[[ Dataset records open ]]
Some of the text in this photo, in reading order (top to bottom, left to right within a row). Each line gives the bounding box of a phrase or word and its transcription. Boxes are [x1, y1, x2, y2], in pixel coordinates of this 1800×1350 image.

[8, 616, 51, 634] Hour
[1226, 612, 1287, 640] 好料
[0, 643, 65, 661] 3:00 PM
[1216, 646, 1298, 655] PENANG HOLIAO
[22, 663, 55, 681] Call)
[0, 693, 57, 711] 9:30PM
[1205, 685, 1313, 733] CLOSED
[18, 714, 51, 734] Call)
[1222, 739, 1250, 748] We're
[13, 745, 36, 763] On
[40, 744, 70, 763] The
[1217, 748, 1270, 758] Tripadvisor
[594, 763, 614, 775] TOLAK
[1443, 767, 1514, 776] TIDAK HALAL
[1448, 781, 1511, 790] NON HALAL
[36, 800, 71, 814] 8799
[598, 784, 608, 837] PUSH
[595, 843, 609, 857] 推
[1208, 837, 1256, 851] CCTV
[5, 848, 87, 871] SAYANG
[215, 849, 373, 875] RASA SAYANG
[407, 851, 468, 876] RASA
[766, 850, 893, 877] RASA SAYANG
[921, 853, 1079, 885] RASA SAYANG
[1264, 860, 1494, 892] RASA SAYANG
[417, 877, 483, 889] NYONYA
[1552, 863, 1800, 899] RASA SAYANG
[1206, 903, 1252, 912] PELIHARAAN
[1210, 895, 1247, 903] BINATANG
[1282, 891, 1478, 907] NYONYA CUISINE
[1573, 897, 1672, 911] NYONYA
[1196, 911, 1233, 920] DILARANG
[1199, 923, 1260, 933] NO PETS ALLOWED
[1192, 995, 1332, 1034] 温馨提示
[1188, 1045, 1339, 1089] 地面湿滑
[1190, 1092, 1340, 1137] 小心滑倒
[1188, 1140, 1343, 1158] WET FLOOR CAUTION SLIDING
[[ Dataset records closed ]]
In the answer, every line above should be retyped exactly.

Written reply –
Some of the text in this photo, in reading order (top to bottom, left to right within a row). Each line gives the bounding box of a phrase or word and its transcription. Boxes are [x1, y1, x2, y2], in pixel coordinates of this 1800×1350 image.

[8, 616, 51, 634] Hour
[1226, 612, 1287, 640] 好料
[0, 643, 65, 661] 3:00 PM
[1216, 646, 1298, 655] PENANG HOLIAO
[22, 663, 55, 681] Call)
[0, 693, 57, 711] 9:30PM
[1205, 685, 1313, 733] CLOSED
[18, 714, 51, 734] Call)
[1222, 739, 1250, 748] We're
[13, 745, 36, 763] On
[40, 744, 70, 763] The
[1217, 748, 1270, 758] Tripadvisor
[594, 763, 614, 775] TOLAK
[1443, 767, 1514, 776] TIDAK HALAL
[1448, 781, 1511, 790] NON HALAL
[36, 800, 71, 814] 8799
[598, 784, 608, 837] PUSH
[595, 843, 609, 857] 推
[1208, 837, 1256, 851] CCTV
[5, 848, 87, 871] SAYANG
[215, 849, 373, 875] RASA SAYANG
[407, 851, 468, 876] RASA
[766, 850, 893, 877] RASA SAYANG
[921, 853, 1079, 885] RASA SAYANG
[1264, 860, 1494, 892] RASA SAYANG
[417, 877, 483, 889] NYONYA
[1552, 863, 1800, 899] RASA SAYANG
[1206, 903, 1252, 912] PELIHARAAN
[1210, 895, 1247, 903] BINATANG
[1282, 891, 1478, 907] NYONYA CUISINE
[1573, 897, 1672, 911] NYONYA
[1196, 911, 1233, 920] DILARANG
[1199, 923, 1260, 933] NO PETS ALLOWED
[1192, 995, 1332, 1034] 温馨提示
[1188, 1045, 1339, 1089] 地面湿滑
[1190, 1092, 1340, 1137] 小心滑倒
[1188, 1140, 1343, 1158] WET FLOOR CAUTION SLIDING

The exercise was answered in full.